Et peut-être plus que tout autre trait, la gentillesse est essentielle. Dans la cuisine, bien sûr, mais quand le dernier plat est envoyé, on éteint la cuisinière et on peut aller se coucher ou traîner. Dans la salle à manger, il faut du dévouement. Pour prolonger la qualité des clients qui commandent une dernière bouteille, un dernier verre pour animer leur conversation, le moment d’amour fleuri après les profiteroles.

C’est vrai que le bonheur n’est pas conditionnel. Mais dans un coin de la pièce, une femme, un homme, debout des heures, sans compter ses pas, qui s’occupe de la table pisse-froide, paye le coup de gueule du chef dans le passe-plat, écoute la litanie du diète de tout . Est-ce pour cela qu’il est si difficile pour les restaurateurs d’avoir des travailleurs en salle à manger ? Cette question appelle de nombreuses réponses dans une industrie qui a été refusée par la pandémie de Covid. En attendant d’y voir clair, protégez Alicia Poupeney, et tous les artistes présents dans la salle.

Achillée: In vino feminale problème des femmes dans le monde du vin

La fille d’Eric Fottorino, la soeur de l’écrivain Elsa Fottorino, Alessandra, “Aless”, a choisi une voie bien à elle, loin de la bibliothèque familiale. Il est parti avant le bac, il a travaillé dans un bar, y a rencontré son meilleur ami et ce qui allait devenir la passion de sa vie : le vin, et le vrai vin. De retour aux études, Ferrandi, où il étudie la sommellerie avant de travailler comme acheteur de vin dans une grande chaîne puis d’ouvrir une caisse de vin, puis une seconde, et devient comme un cabinet…

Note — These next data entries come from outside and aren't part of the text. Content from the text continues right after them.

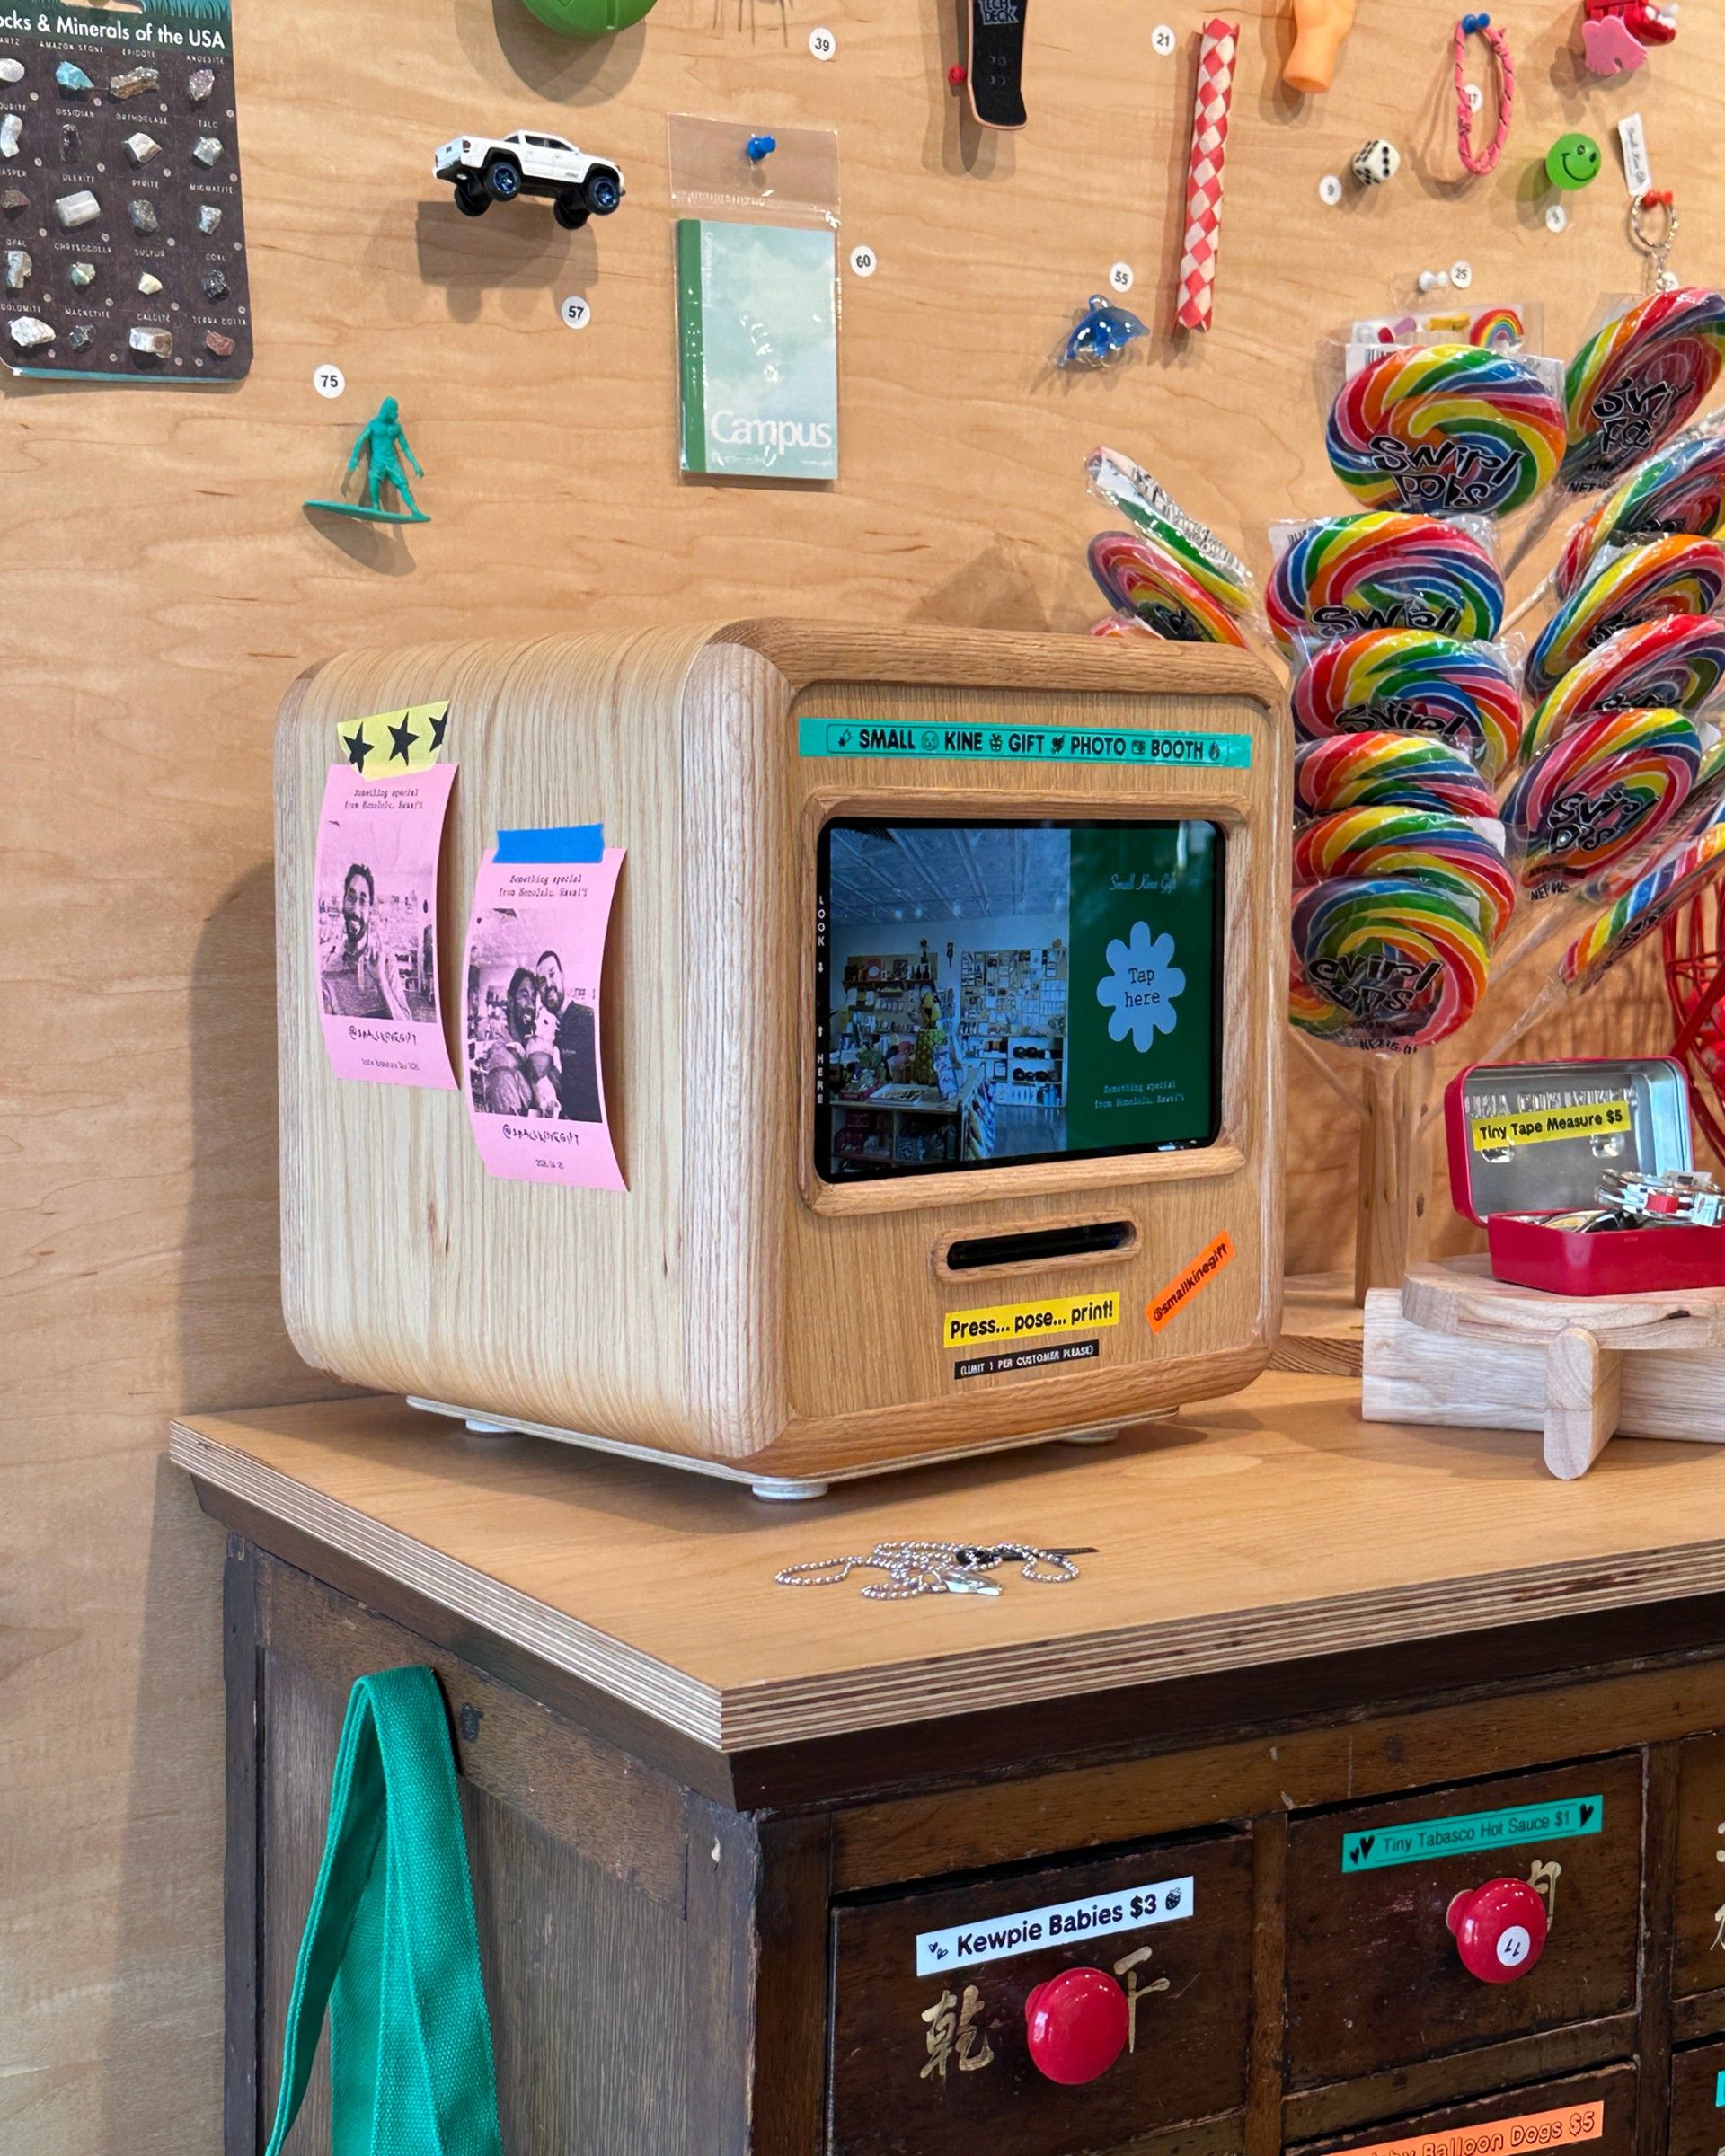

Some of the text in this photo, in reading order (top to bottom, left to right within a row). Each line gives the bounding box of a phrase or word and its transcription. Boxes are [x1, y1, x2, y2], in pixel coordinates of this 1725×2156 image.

[984, 6, 1019, 23] DECK
[0, 9, 226, 49] ocks & Minerals of the USA
[40, 41, 104, 54] AMAZON STONE
[814, 38, 830, 52] 39
[1156, 32, 1171, 47] 21
[56, 107, 94, 119] OBSIDIAN
[198, 119, 218, 129] TALC
[62, 173, 95, 184] ULEXITE
[6, 238, 27, 248] OPAL
[134, 248, 165, 259] SULFUR
[205, 252, 226, 262] COAL
[855, 253, 872, 269] 60
[1114, 270, 1129, 286] 55
[1455, 267, 1468, 280] 25
[0, 303, 41, 314] DOLOMITE
[65, 308, 111, 320] MAGNETITE
[568, 305, 585, 320] 57
[137, 313, 171, 323] CALCITE
[320, 375, 339, 388] 75
[711, 410, 833, 455] Campus
[859, 729, 1204, 761] SMALL KINE GIFT PHOTO BOOTH
[817, 896, 826, 946] LOOK
[1128, 967, 1154, 986] Tap
[1125, 991, 1161, 1008] here
[1479, 1109, 1623, 1140] Tiny Tape Measure $5
[1153, 1241, 1228, 1321] @smallkinegift
[951, 1300, 1113, 1339] Press... pose... print!
[960, 1363, 985, 1376] (LIMIT
[997, 1358, 1013, 1369] PER
[1016, 1350, 1060, 1366] CUSTOMER
[1063, 1344, 1094, 1358] PLEASE)
[1383, 1810, 1570, 1856] Tiny Tabasco Hot Sauce $1
[957, 1893, 1157, 1957] Kewpie Babies $3
[1422, 2111, 1596, 2156] Balloon Dogs $5

Outre l’autobiographie, Chez Vino Femina, qu’il a signé chez Hachette avec Céline Pernot-Burlet, raconte surtout, sous forme de roman graphique, les problèmes d’une femme dans ce milieu très fermé, conservateur et souvent machiste qu’est “mondovino”. Mais le livre ne serait pas complet si Alessandra Fottorino ne rendait pas hommage aux femmes de vin qu’elle admire et qui, comme elle, traversent toutes les souffrances des brimades, des fausses maladies ou des sentiments d’injustice. Alors bravo à la vigneronne Fleur Godart; caviste et auteur Sandrine Goeyvaerts ; aux vignerons, comme Isabelle Perraud, Isabel Fonquerle ou Isabelle Pangault. A la fin du livre, ce passionné ne pouvait s’empêcher de donner une bonne impression des vins qu’il aimait. C’est un livre réconfortant, racontant une histoire courageuse de libération.

Chez Vino Femina, d’Alessandra Fottorino et Céline Pernot-Brulet, éd. Hachette Pratique, 2022, 192 pages, 22,50 euros.

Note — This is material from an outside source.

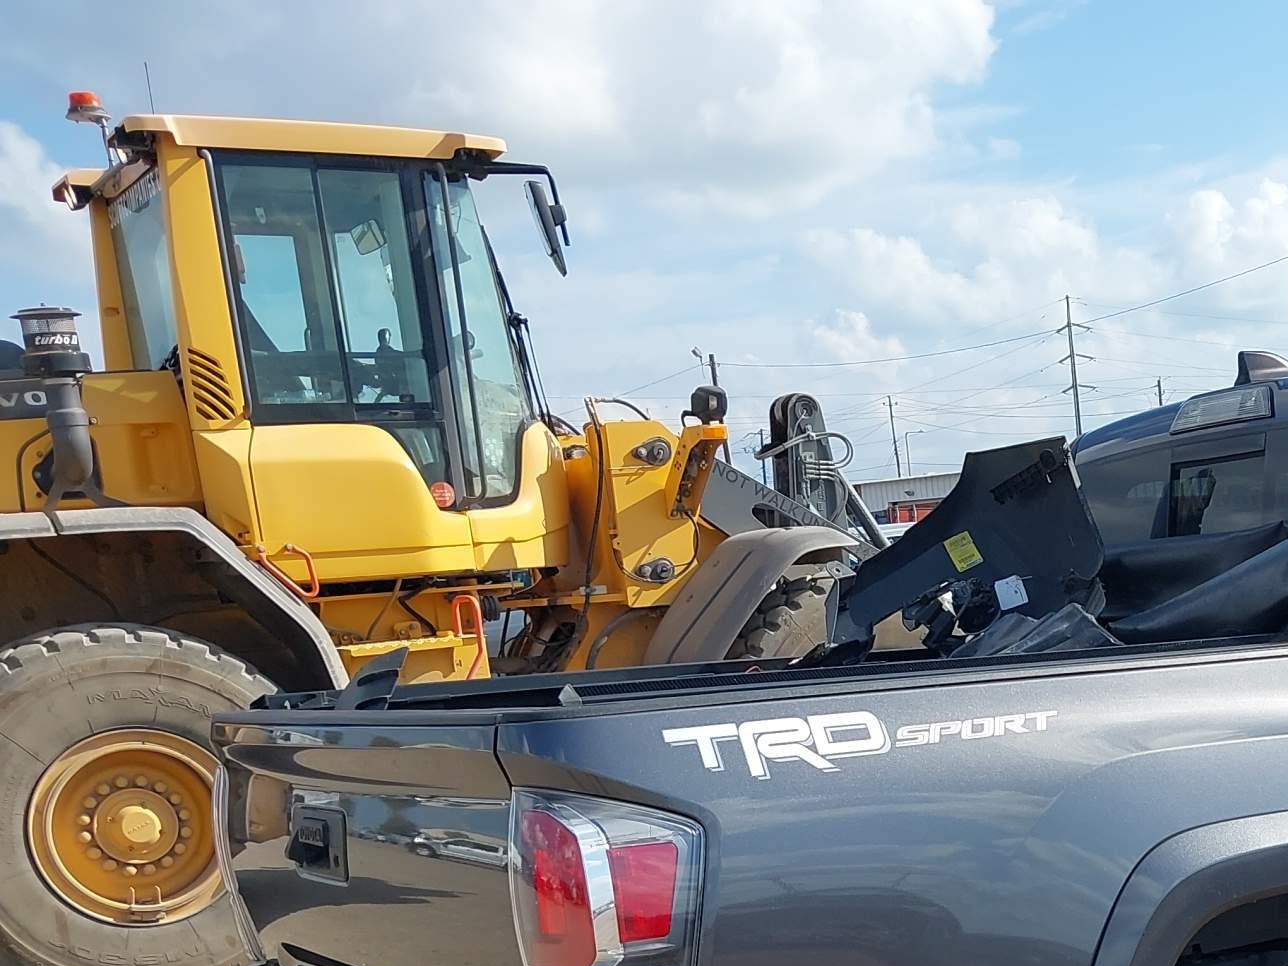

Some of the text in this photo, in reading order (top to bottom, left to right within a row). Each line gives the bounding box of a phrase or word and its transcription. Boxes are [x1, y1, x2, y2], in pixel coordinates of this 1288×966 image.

[713, 461, 750, 489] NOT
[754, 487, 798, 518] WALK
[662, 710, 1058, 780] TRD SPORT

Nourriture possible : le vert lui va bien

C’est la sauce qui va nous fêter avec la jeunesse quand les Scuds auront fini entre la cuisine et sa chambre. On prend un petit contenant pour accueillir le mariage de la crème fraîche et du bleu d’Auvergne ou d’ailleurs pour une préparation rapide pour napper une assiette de pâtes, blanc de poulet, porc pas de porc. , les pommes de terre assaisonnées réalisées par ce plat rouge dans une vinaigrette simple et parfumée. Nous faisons ce frichti sans mais bon, nous vous régalons toujours avec les doigts mouillés.

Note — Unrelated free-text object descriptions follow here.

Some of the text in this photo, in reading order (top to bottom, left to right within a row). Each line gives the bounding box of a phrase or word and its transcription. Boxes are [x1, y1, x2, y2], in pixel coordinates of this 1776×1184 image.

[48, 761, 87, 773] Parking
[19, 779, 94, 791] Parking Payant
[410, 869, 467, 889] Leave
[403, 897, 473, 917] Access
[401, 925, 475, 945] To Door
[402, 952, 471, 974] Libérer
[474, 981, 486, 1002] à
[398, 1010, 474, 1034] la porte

Faites fondre une bonne noix de beurre dans une petite casserole à fond épais. Vous pouvez y faire dorer une échalote hachée. Ajoutez ensuite 100g de votre myrtille préférée coupée en petits morceaux. Remuer à feu doux avec une cuillère en bois jusqu’à ce que le mélange fonde. Versez 20 cl d’huile d’olive de bonne qualité (ou plus) et mélangez doucement jusqu’à ce que le mélange commence à faire de petites bulles. Assaisonner de poivre et d’un peu de sel si besoin (le sel c’est salé). Servir avec un petit croûton. Bon, hein ? Jeune homme, si tu ne baisses pas ta garde, nous sommes heureux.